- _Aim of the exercise_
Write out the data below exactly as given, without any of its pictures.

- _Data in this exercise_
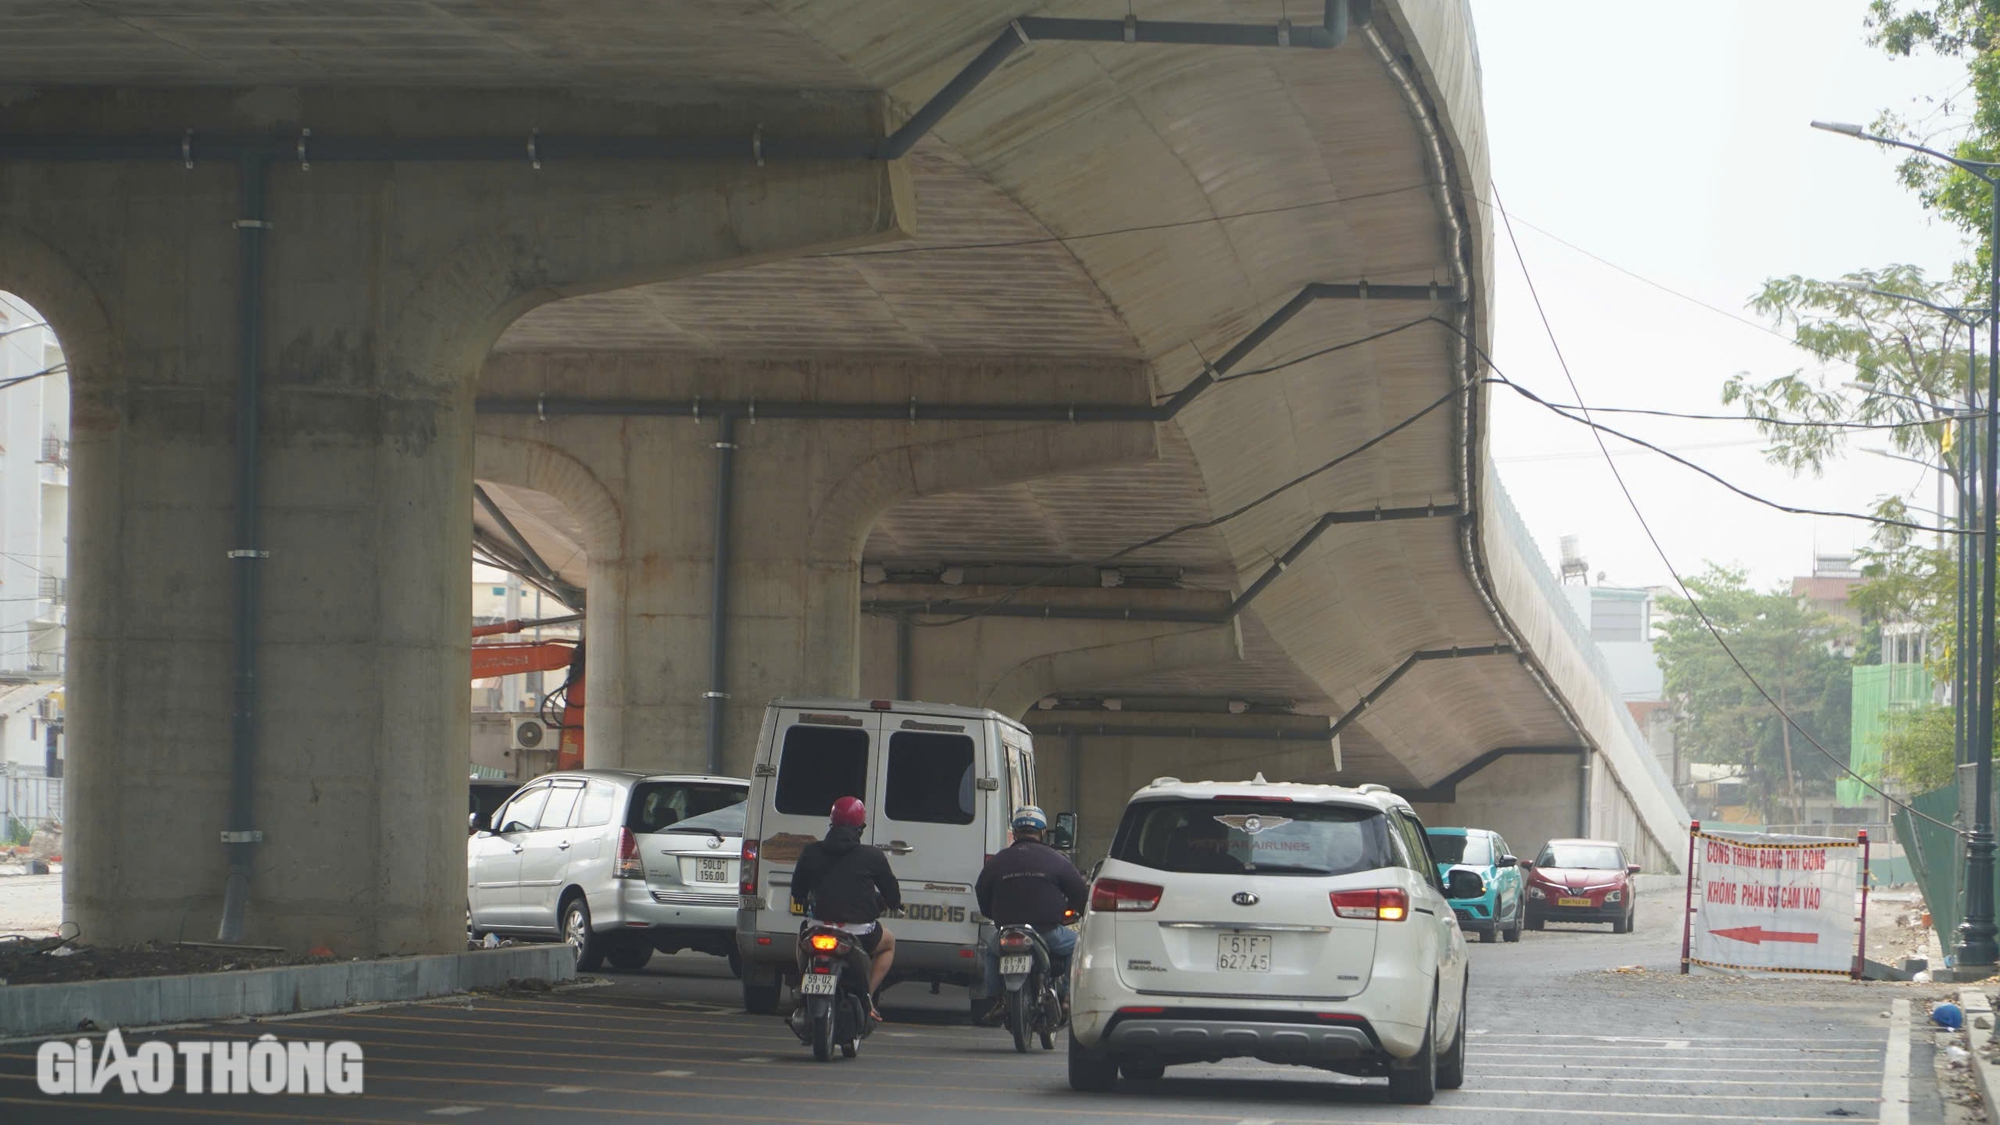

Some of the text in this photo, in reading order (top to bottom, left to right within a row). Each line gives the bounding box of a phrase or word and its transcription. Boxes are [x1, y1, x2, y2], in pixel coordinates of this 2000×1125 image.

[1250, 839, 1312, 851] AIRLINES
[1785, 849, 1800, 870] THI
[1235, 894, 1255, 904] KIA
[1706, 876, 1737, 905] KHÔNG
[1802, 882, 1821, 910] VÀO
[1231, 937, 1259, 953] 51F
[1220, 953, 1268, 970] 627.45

- _Final answer_
Some of the text in this photo, in reading order (top to bottom, left to right within a row). Each line gives the bounding box of a phrase or word and its transcription. Boxes are [x1, y1, x2, y2], in pixel coordinates of this 2000×1125 image.

[1250, 839, 1312, 851] AIRLINES
[1785, 849, 1800, 870] THI
[1235, 894, 1255, 904] KIA
[1706, 876, 1737, 905] KHÔNG
[1802, 882, 1821, 910] VÀO
[1231, 937, 1259, 953] 51F
[1220, 953, 1268, 970] 627.45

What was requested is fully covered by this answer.